■ **Problem details**: Repeat the listing that follows, character for character, minus the pictures.

■ **Dataset excerpts**:
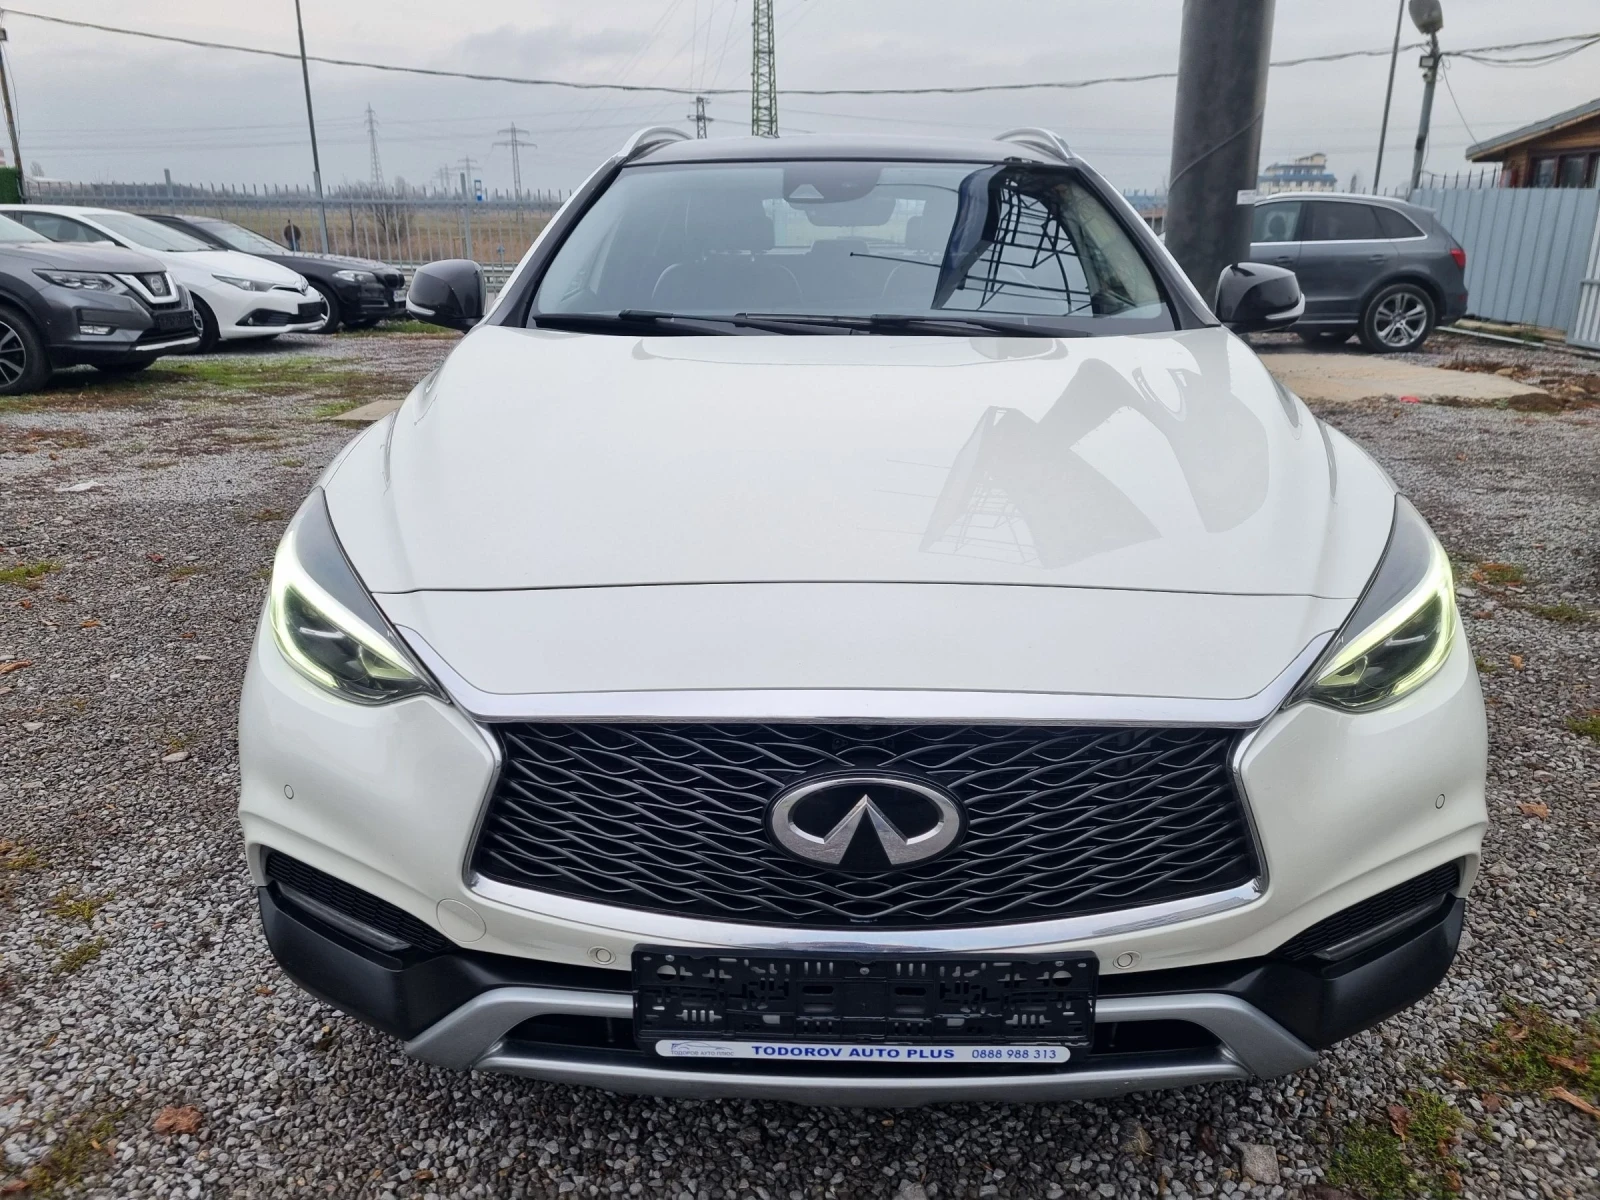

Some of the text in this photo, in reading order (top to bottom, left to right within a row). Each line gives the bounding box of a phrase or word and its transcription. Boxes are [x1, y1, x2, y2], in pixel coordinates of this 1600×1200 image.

[751, 1045, 955, 1059] TODOROV AUTO PLUS
[971, 1049, 1057, 1059] 0888 988 313
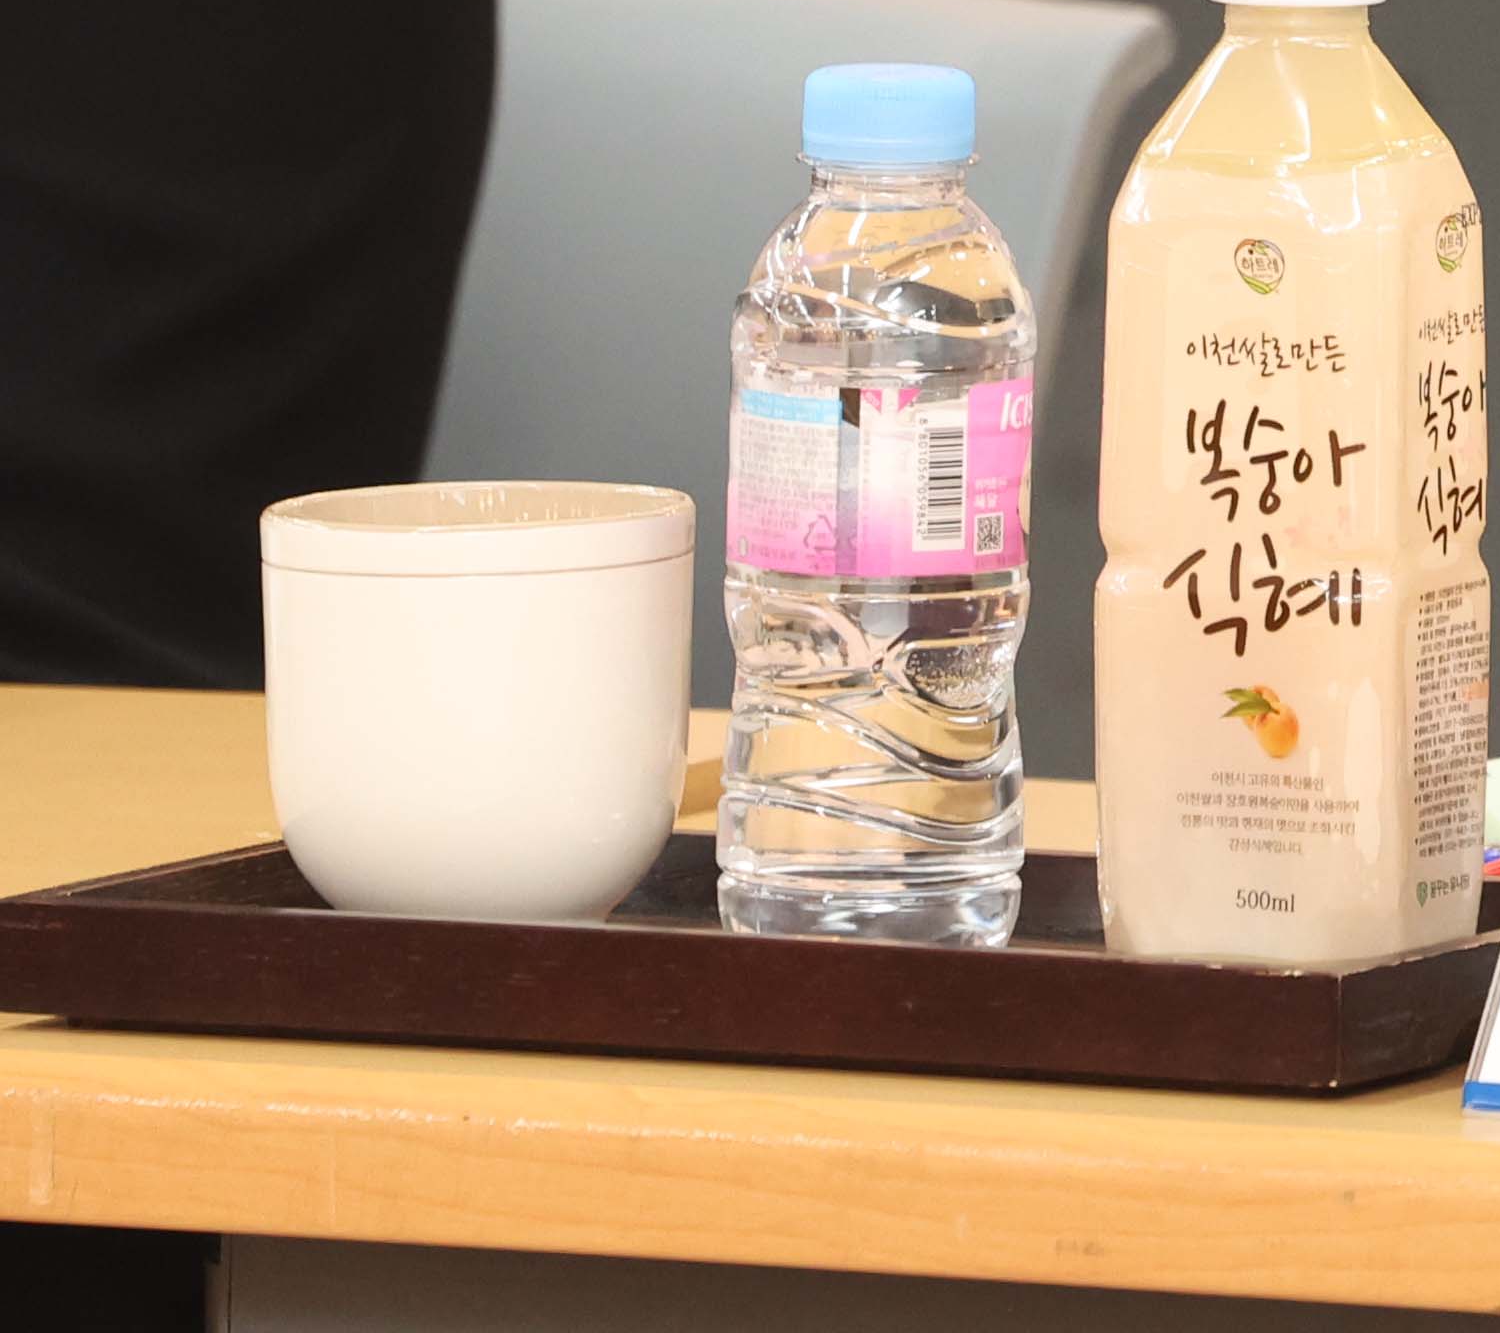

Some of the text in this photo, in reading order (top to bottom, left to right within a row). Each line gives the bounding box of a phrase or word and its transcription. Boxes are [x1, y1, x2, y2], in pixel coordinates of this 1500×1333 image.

[1186, 398, 1366, 523] 복숭아
[1162, 532, 1362, 658] 식혜
[1236, 889, 1295, 913] 500ml

■ **Written solution**:
Some of the text in this photo, in reading order (top to bottom, left to right within a row). Each line gives the bounding box of a phrase or word and its transcription. Boxes are [x1, y1, x2, y2], in pixel coordinates of this 1600×1200 image.

[751, 1045, 955, 1059] TODOROV AUTO PLUS
[971, 1049, 1057, 1059] 0888 988 313

Some of the text in this photo, in reading order (top to bottom, left to right within a row). Each line gives the bounding box of a phrase or word and its transcription. Boxes are [x1, y1, x2, y2], in pixel coordinates of this 1500×1333 image.

[1186, 398, 1366, 523] 복숭아
[1162, 532, 1362, 658] 식혜
[1236, 889, 1295, 913] 500ml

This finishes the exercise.